IV. Mapping Fascist Cinemas: Further Work
In 1994, historians held a conference at Oxford in memory of Tim Mason, the
influential social historian of Nazism. The conference was devoted to “Fascism in
Comparative Perspective,” pairing contributions on Italy and Germany in several
thematically defined panels. But the conference apparently fell short of its title’s
promise, as panelists seemed to argue on parallel, rather than intersecting, tracks.39
The same holds true for studies, where the paradigm of national cinemas continues
determine the way we think of film culture during the 1930s and 40s.

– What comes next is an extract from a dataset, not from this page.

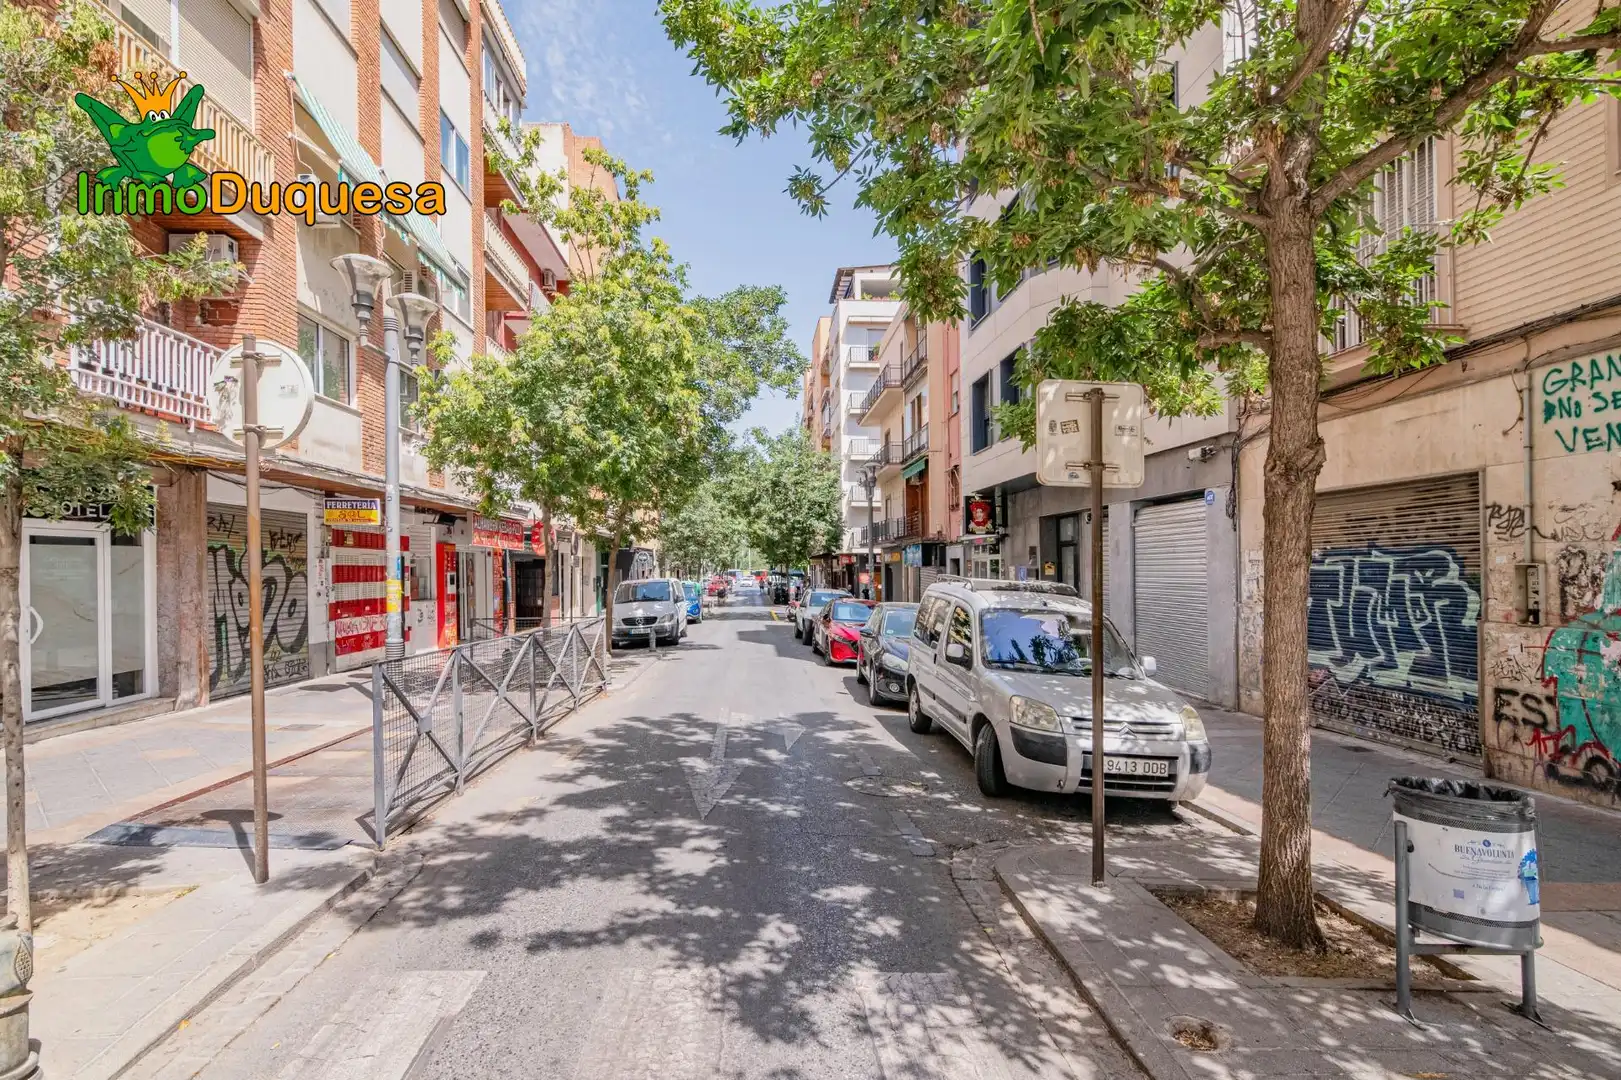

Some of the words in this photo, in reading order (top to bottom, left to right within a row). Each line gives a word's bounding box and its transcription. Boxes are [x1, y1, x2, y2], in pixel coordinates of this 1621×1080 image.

One of the
principal reasons for this is linguistic: while there is no shortage of bilingual
scholars, we have difficulty generating the multi-‐lingual investigations that would
allow for a truly transnational mapping of cinema’s geographies during this
period.40
There is no easy fix for this, but it appears obvious that the standard models
for research in the humanities are ill-‐suited for making much headway, since they
would require individuals to learn multiple languages in order to undertake
research in multiple national archives and acquaint themselves with the cultural
and film historical background necessary for a sort of global fascist area studies, in
19
which then to undertake transnational investigations. Instead, what we need are
collaborative models, that involve renewed efforts at subtitling and exchange to
broaden the material basis for investigations beyond national boundaries; sharing
of expertise in screenings and workshops; and new databases (“big data?”) that
allow historians and film scholars to ask questions that cut across various national
practices of production, distribution, exhibition, and reception. The challenge would
be to overcome the limitations of a strictly comparative approach, which Eve
Rosenhaft identified at the Oxford conference mentioned above. I have concrete
ideas for how to foster the kind of integration that I’m happy to share, but would be
eager to hear your thoughts as well on how we might advance the agenda of
studying Nazi cinema – and other national cinemas of the 1920s, 30s, and 40s – in a
transnational frame.
1 Siegfried Kracauer, From Caligari to Hitler: A Psychological History of the German Film (Princeton: Princeton UP, 1947), 258. 2 Note, however, that in New Earth the trip to the West, and to modernity, precedes the plot; where Trenker charts a tripartite story of home – away – return, Fanck chronicles only the third leg of this journey, and the lengthy process of adaptation that it involves. 3 George Mosse, “Toward a General Theory of Fascism,” in Comparative Fascist Studies: New Perspectives, ed. Constantin Iordachi (London/New York: Routledge, 2009), 70. 4 In the following, I draw repeatedly on ongoing conversations with my colleagues Markus Nornes and Giorgio Bertellini, as well as with Michael Raine. In particular, I have benefited from Markus Nornes’s thoughts in an unpublished paper entitled “On the Question of Fascist Film Culture.”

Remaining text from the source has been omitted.